Charles Rodius (1802 – 9 April 1860) was a German-born artist, printmaker and architect. Trained in France before moving to England, he was transported as a convict to the Australian penal colony of New South Wales for theft in 1829.

While not as well known as other convict artists, such as Joseph Lycett and Thomas Griffiths Wainewright, Rodius has received praise for his works, and he is represented in several major Australian galleries.

Early life and education
Rodius was born in 1802 in Cologne, Germany. As a teenager he moved to Paris, France, where he studied art and worked as a teacher of "music, painting, drawing and languages in families of the first distinction".

In early 1829, while living in London, England, he was charged with stealing a perfume bottle, tickets, an opera glass and a handkerchief from a woman's purse. Rodius defended himself, arguing that the items were gifts from some of his female students. He was nonetheless convicted and sentenced to seven years' transportation to the Australian penal colony of New South Wales. At the time of his trial, he was described as "a young foreigner, dressed in a most fashionable style".

Transportation to Australia

Rodius arrived in New South Wales aboard the convict ship Sarah in December 1829. Like Thomas Bock, Joseph Lycett, and other transported convicts with artistic abilities, Rodius's skills as a draughtsman were utilised by the colonial authorities and he was assigned to the Department of Public Works in Sydney. He taught drawing to civil and military officers and helped to devise plans for proposed colonial buildings. Rodius was also commissioned as a portraitist by members of the colony's elite, such as Chief Justice Francis Forbes. Having established himself as an artist with the reputation of a dandy, Rodius, with the support of his patronage, was granted a ticket of exemption in 1832—the year he began to earn his own living as an artist—which was changed to a ticket of leave two years later.
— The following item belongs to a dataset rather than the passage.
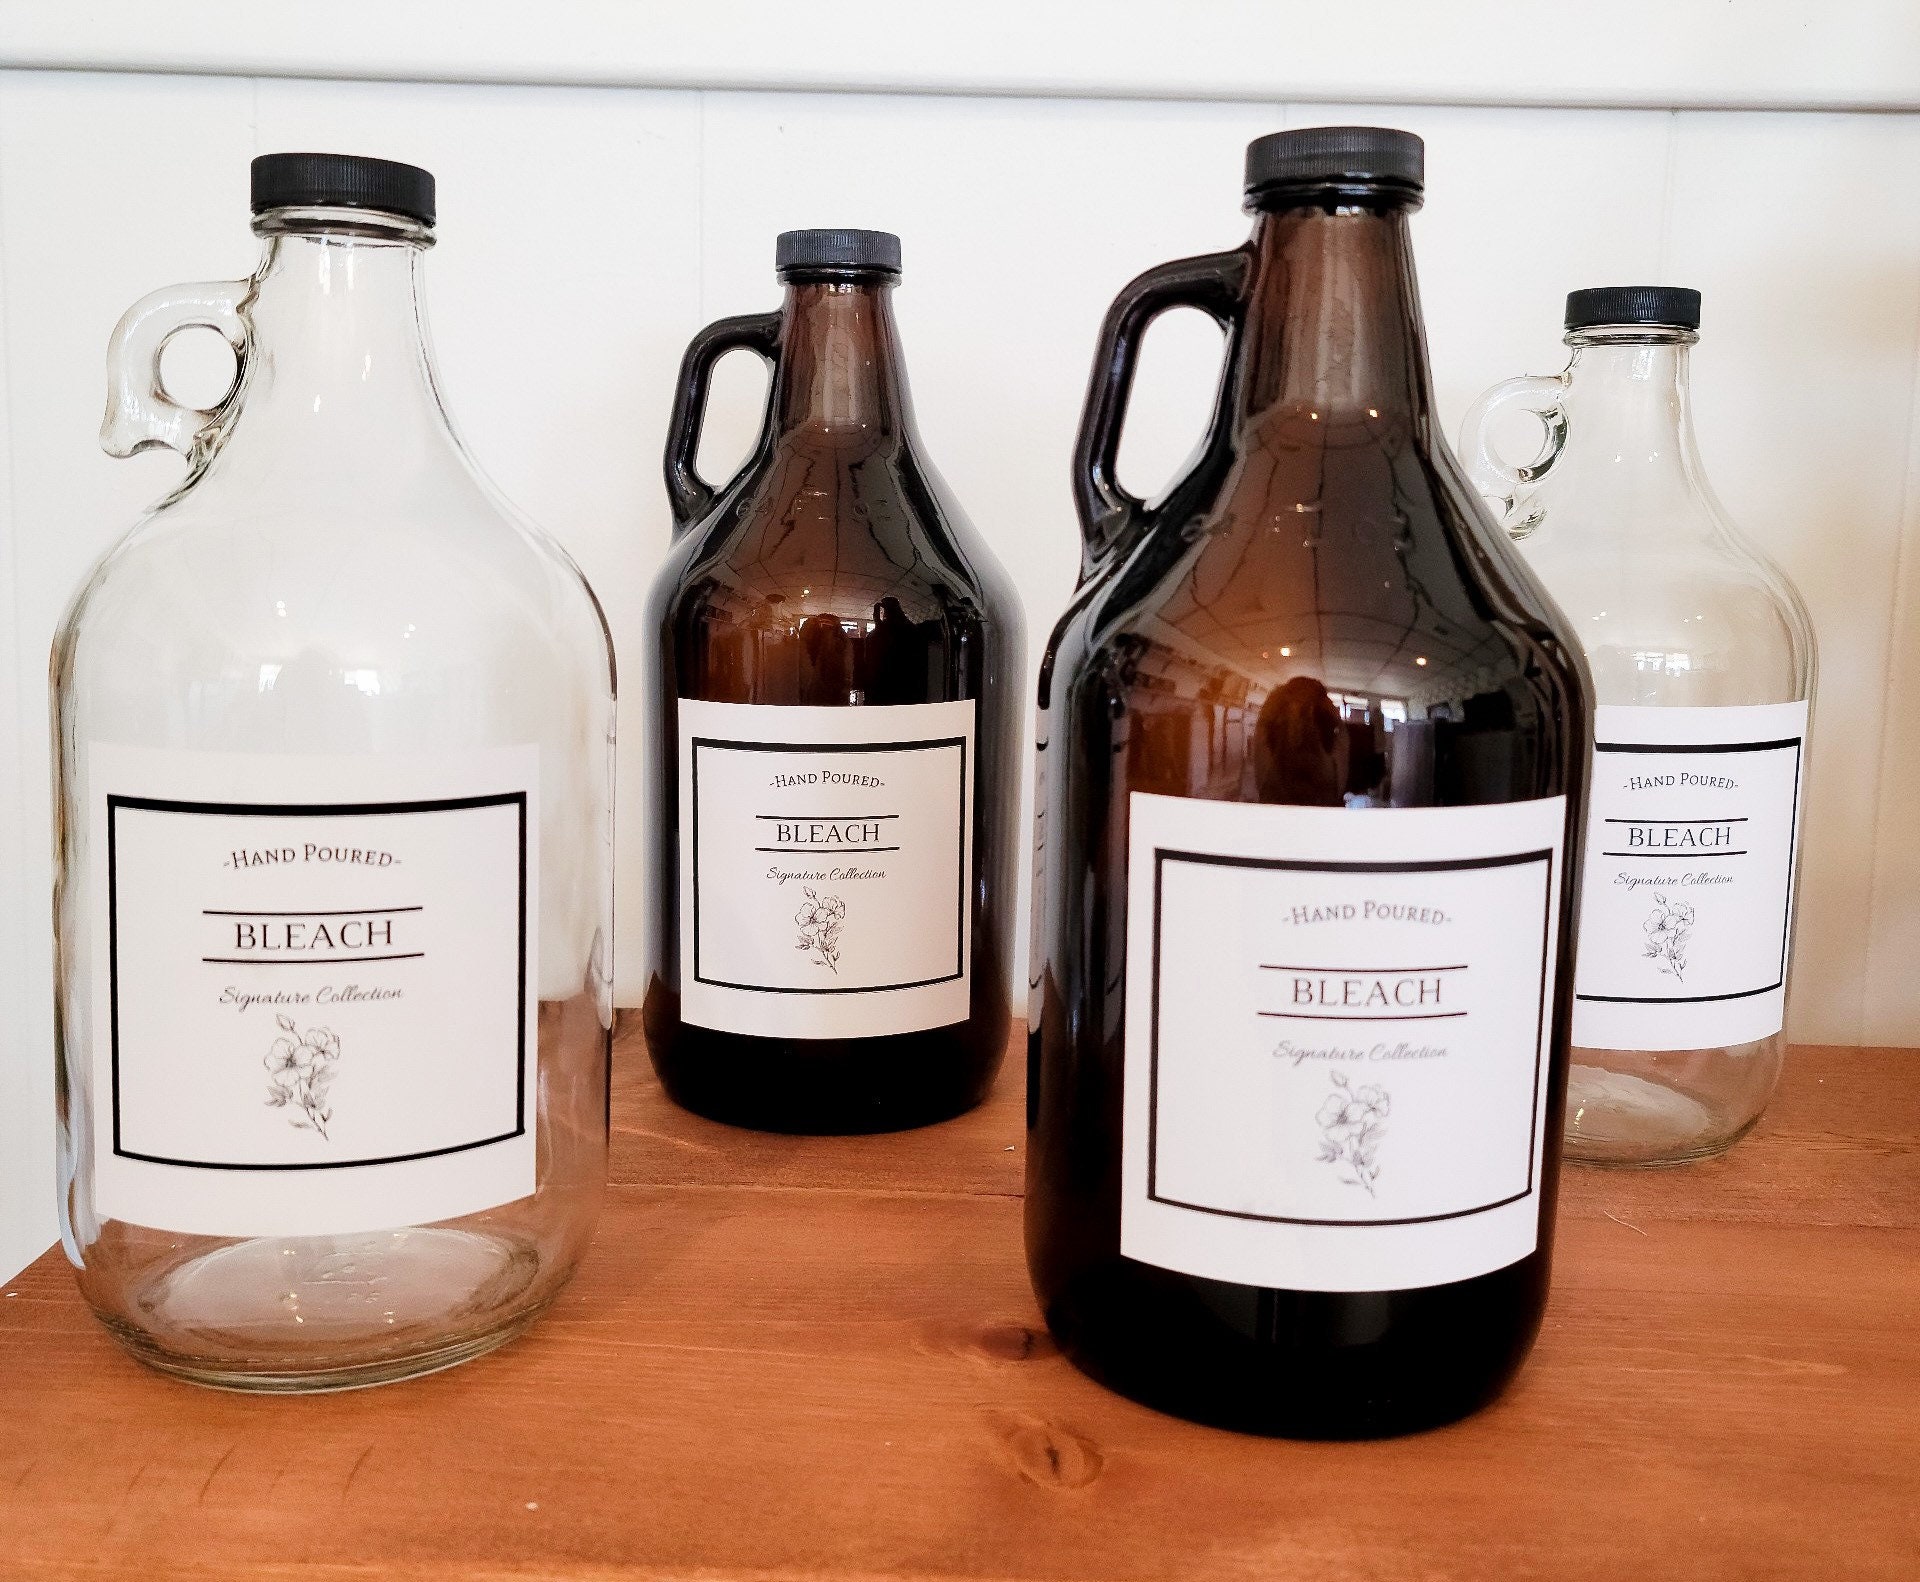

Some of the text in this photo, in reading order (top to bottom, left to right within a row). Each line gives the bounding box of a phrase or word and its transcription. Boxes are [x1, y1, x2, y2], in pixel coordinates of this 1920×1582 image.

Rodius remained in Australia where he continued to create portraits of well-known colonial identities, including explorer and fellow German Ludwig Leichhardt. According to National Portrait Gallery curator Joanna Gilmour, it was Rodius's portraits of Indigenous Australians that "demonstrated his true dexterity" as an artist. While some of the images hint at caricature, others, such as his images of Aborigines from the Shoalhaven district, "are disarming in their softness and sensitivity". Rodius's Aboriginal works were widely disseminated by the artist as lithographs, sold at a price intended to "place these interesting copies within the reach of all classes".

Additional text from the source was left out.